## TASK DETAILS
Repeat each record exactly, skipping the pictures.

## INFORMATION SHOWN
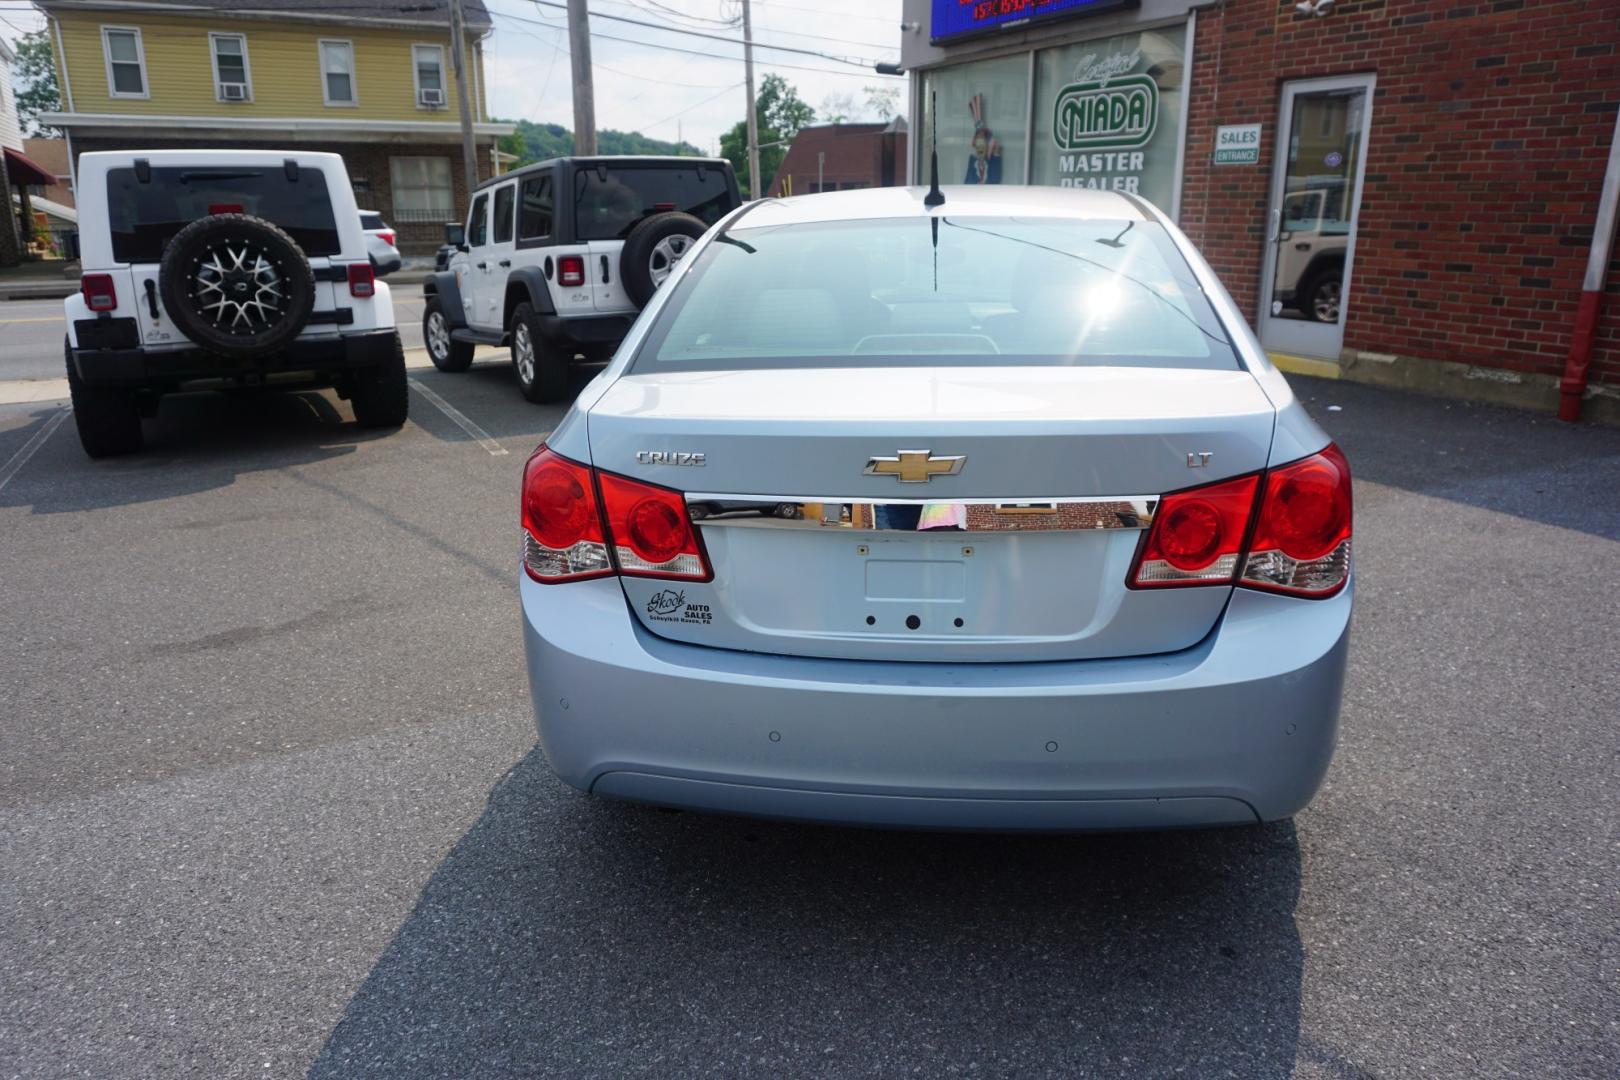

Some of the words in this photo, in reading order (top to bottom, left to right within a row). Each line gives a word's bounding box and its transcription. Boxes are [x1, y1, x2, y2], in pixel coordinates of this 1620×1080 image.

[1061, 89, 1147, 137] NIADA
[1221, 131, 1257, 144] SALES
[1060, 152, 1144, 172] MASTER
[1217, 150, 1257, 161] ENTRANCE
[637, 451, 706, 466] CRUZE
[1187, 451, 1213, 468] LT
[647, 589, 685, 612] Skook
[687, 604, 710, 612] AUTO
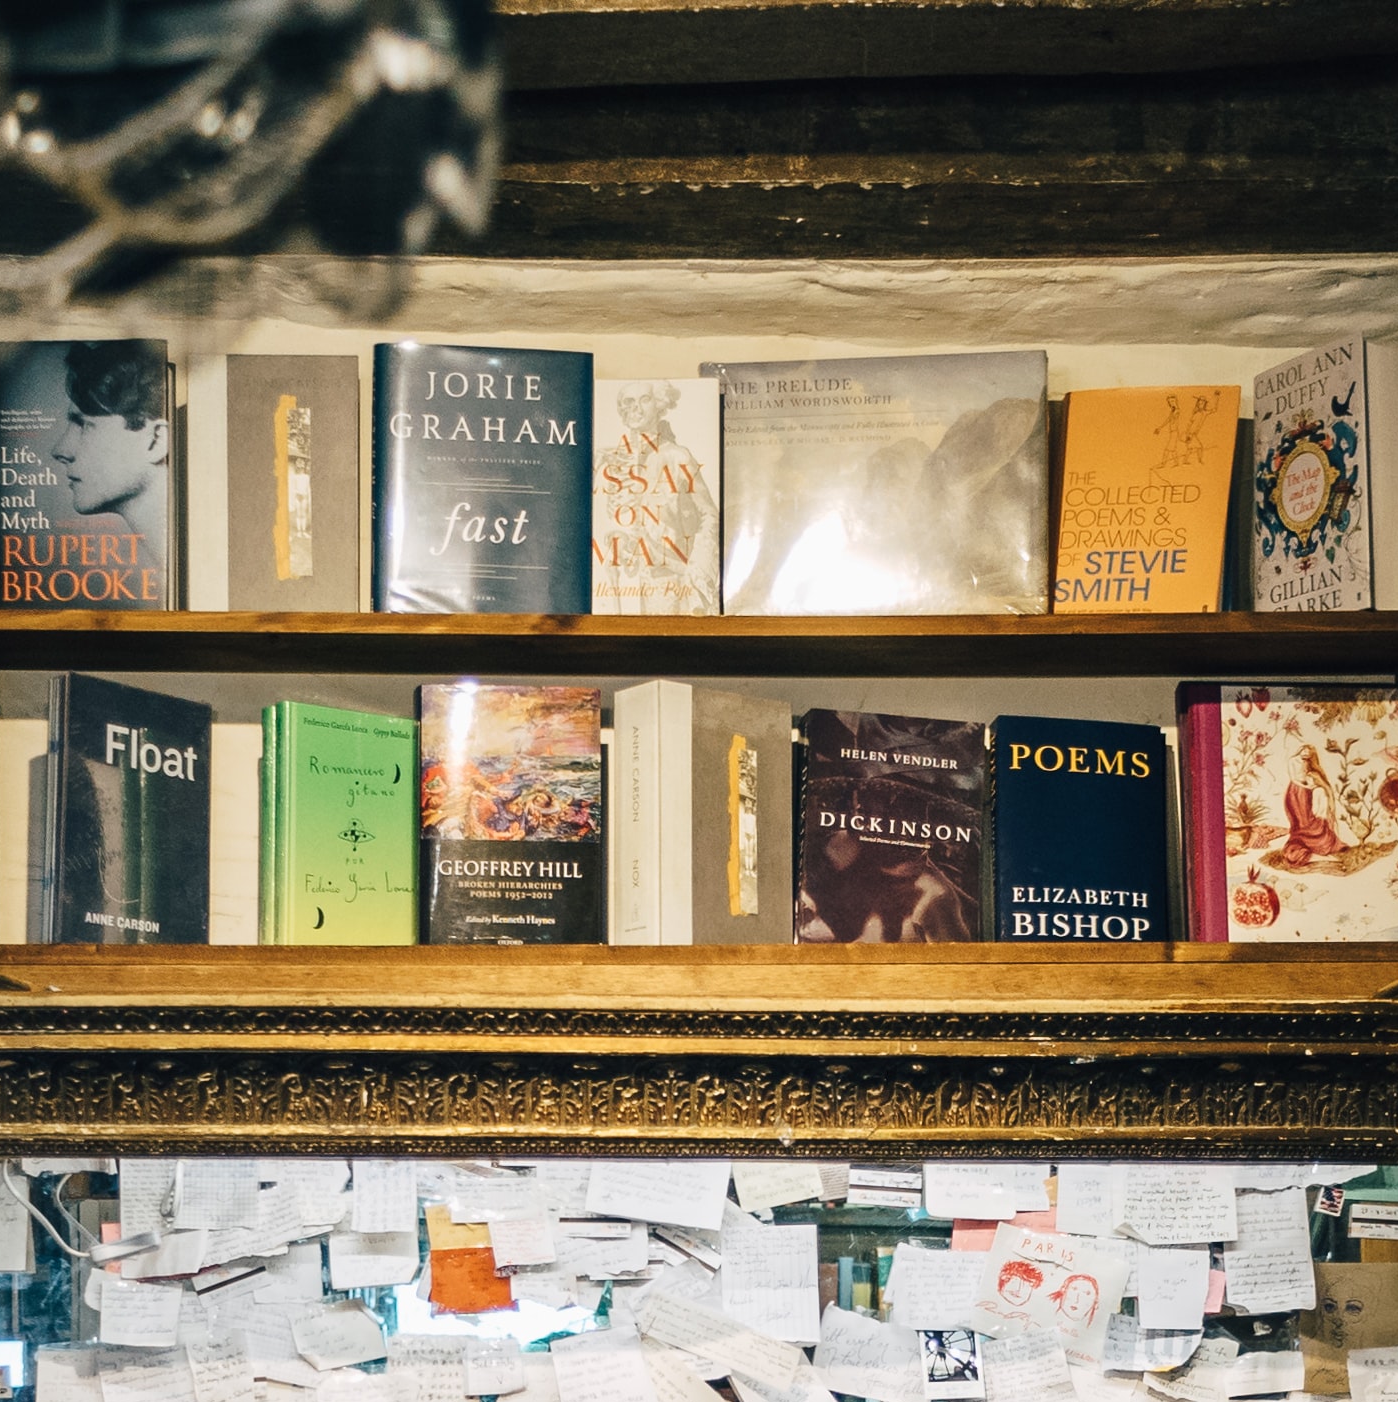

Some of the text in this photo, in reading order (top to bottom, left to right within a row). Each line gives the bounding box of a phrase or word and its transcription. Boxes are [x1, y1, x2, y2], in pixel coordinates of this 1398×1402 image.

## WRITTEN REPLY
Some of the words in this photo, in reading order (top to bottom, left to right within a row). Each line gives a word's bounding box and its transcription. Boxes are [x1, y1, x2, y2], in pixel coordinates of this 1620×1080 image.

[1061, 89, 1147, 137] NIADA
[1221, 131, 1257, 144] SALES
[1060, 152, 1144, 172] MASTER
[1217, 150, 1257, 161] ENTRANCE
[637, 451, 706, 466] CRUZE
[1187, 451, 1213, 468] LT
[647, 589, 685, 612] Skook
[687, 604, 710, 612] AUTO

Some of the text in this photo, in reading order (top to bottom, left to right within a row). Each line gives the bounding box of a phrase or word and its transcription. Boxes are [x1, y1, x2, y2], in pixel coordinates of this 1398×1402 image.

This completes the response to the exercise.